**DATA TO USE**
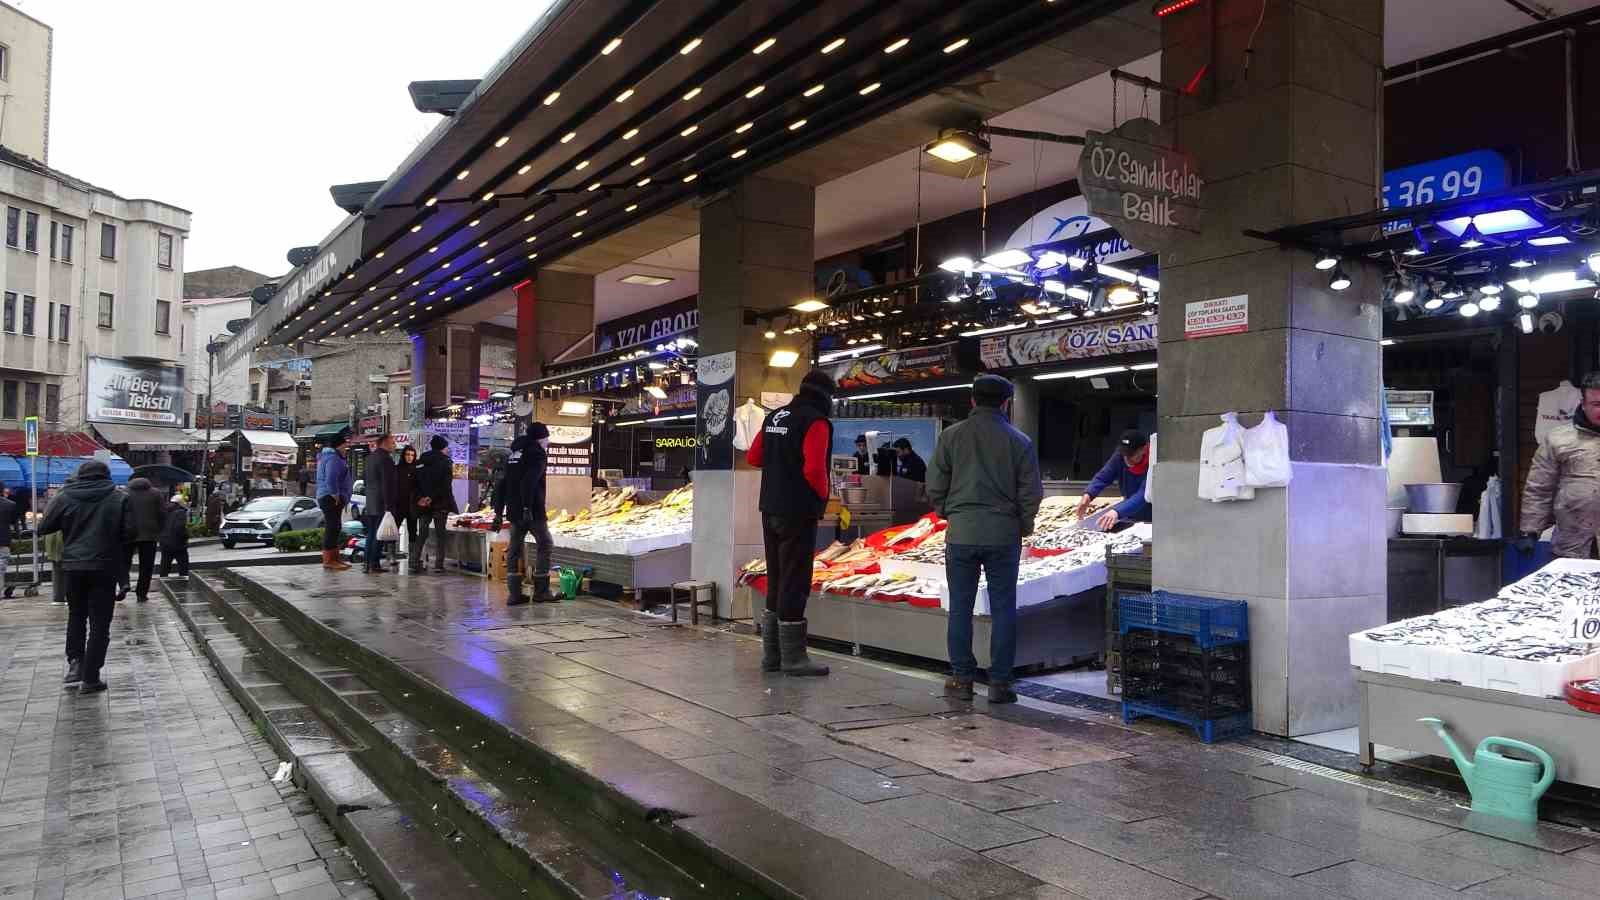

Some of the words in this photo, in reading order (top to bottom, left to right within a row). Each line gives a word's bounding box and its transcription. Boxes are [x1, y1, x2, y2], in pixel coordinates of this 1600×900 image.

[1118, 151, 1205, 200] Sandıkçılar
[1439, 165, 1483, 201] 99
[1121, 192, 1180, 227] Balık
[1069, 329, 1100, 348] ÖZ
[1106, 322, 1156, 345] SAN
[130, 377, 159, 395] Bey
[128, 392, 172, 411] Tekstil

**REQUIRED WORK**
Output each entry above word for word. The pictures stay out.

**EXERCISE RESPONSE**
Some of the words in this photo, in reading order (top to bottom, left to right within a row). Each line gives a word's bounding box and its transcription. Boxes are [x1, y1, x2, y2], in pixel coordinates of this 1600×900 image.

[1118, 151, 1205, 200] Sandıkçılar
[1439, 165, 1483, 201] 99
[1121, 192, 1180, 227] Balık
[1069, 329, 1100, 348] ÖZ
[1106, 322, 1156, 345] SAN
[130, 377, 159, 395] Bey
[128, 392, 172, 411] Tekstil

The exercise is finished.